Ha sido la manera de actuar de Podemos, de Sumar y de los Comunes de la señora Colau. Esa gente sabe lo que quiere realmente el pueblo, y opta por imponérselo por su propio bien. De ahí salieron, por ejemplo, las super illes, ideas de bombero que solían contrariar al vecindario seleccionado para su instalación, al que, de repente, le desaparecía la parada del autobús o el reparto de mercancías por el barrio devenía imposible. Las quejas del pueblo, evidentemente, eran desatendidas, confiando, supongo, en que tarde o temprano ese pueblo se diera cuenta de lo mucho que había acabado mejorando su situación.
De ese saber mejor que el pueblo lo que le conviene al pueblo surgió también la peatonalización de la calle Consell de Cent, que convirtió esa arteria en una arcadia en la que los precios de venta y alquiler de apartamentos se dispararon porque todo el mundo quería vivir en lugar tan querencioso (mientras el tráfico iba a parar todo a la calle Valencia, convertida a todas horas en Sunset Boulevard).
Además de no solucionar en lo más mínimo el acuciante problema de la vivienda (en Barcelona no hay quien alquile un apartamento a un precio razonable, y eso no lo ha arreglado ni la derecha, ni la izquierda ni la nueva izquierda ni nadie), el caso Consell de Cent es la prueba más sangrante de los efectos indeseados de una supuesta normalización sostenible del centro de la ciudad.

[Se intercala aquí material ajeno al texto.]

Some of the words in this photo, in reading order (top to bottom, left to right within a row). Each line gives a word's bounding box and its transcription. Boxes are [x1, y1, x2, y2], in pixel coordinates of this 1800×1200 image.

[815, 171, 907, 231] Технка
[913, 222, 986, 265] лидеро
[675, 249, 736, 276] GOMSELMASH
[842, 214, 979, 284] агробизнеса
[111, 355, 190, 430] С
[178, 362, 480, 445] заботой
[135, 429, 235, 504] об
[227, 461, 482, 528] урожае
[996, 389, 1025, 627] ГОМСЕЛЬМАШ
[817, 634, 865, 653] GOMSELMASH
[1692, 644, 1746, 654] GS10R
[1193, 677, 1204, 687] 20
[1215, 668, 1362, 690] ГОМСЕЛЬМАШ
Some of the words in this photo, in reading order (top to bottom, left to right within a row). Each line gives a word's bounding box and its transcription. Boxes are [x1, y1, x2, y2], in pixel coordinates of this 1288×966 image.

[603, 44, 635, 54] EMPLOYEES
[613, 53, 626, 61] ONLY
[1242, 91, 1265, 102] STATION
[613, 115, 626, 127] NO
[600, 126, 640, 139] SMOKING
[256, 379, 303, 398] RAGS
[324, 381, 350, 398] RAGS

De la misma manera que Irene Montero culpó a los jueces (esa pandilla de fachas, ya se sabe) de las funestas consecuencias de su ley del Solo sí es sí, Colau siempre ha responsabilizado a otros de sus ideas de bombero, de algunas de las cuales, por cierto, se siente especialmente orgullosa: la ruptura de relaciones con Israel, por ejemplo, como si una ciudad de provincias del sur de Europa estuviera cualificada para partir peras con todo un país (quiero creer que el ataque que han sufrido Ada y su fiel Asens en Palestina no tiene nada que ver con el feo que la ex alcaldesa le hizo al rencoroso Bibi, a quien machacar a los palestinos le da la vida, pues en cuanto deje de ser presidente de Israel, le esperan cuatro procesos por corrupción).
Otro gran orgullo de la señora Colau es el de haberse enemistado con la Guardia Urbana, a la que ha tratado no como alcaldesa, sino como activista antisistema; por no hablar de su entrañable comprensión del colectivo okupa, que ha llevado una vida bastante apacible gracias a ella y al ínclito Asens, defensor de energúmenos como el que dejó hemipléjico a un guardia y luego asesinó a un ciudadano en Zaragoza porque no le gustaban sus tirantes decorados con la bandera española (aún estamos esperando sus excusas, por cierto).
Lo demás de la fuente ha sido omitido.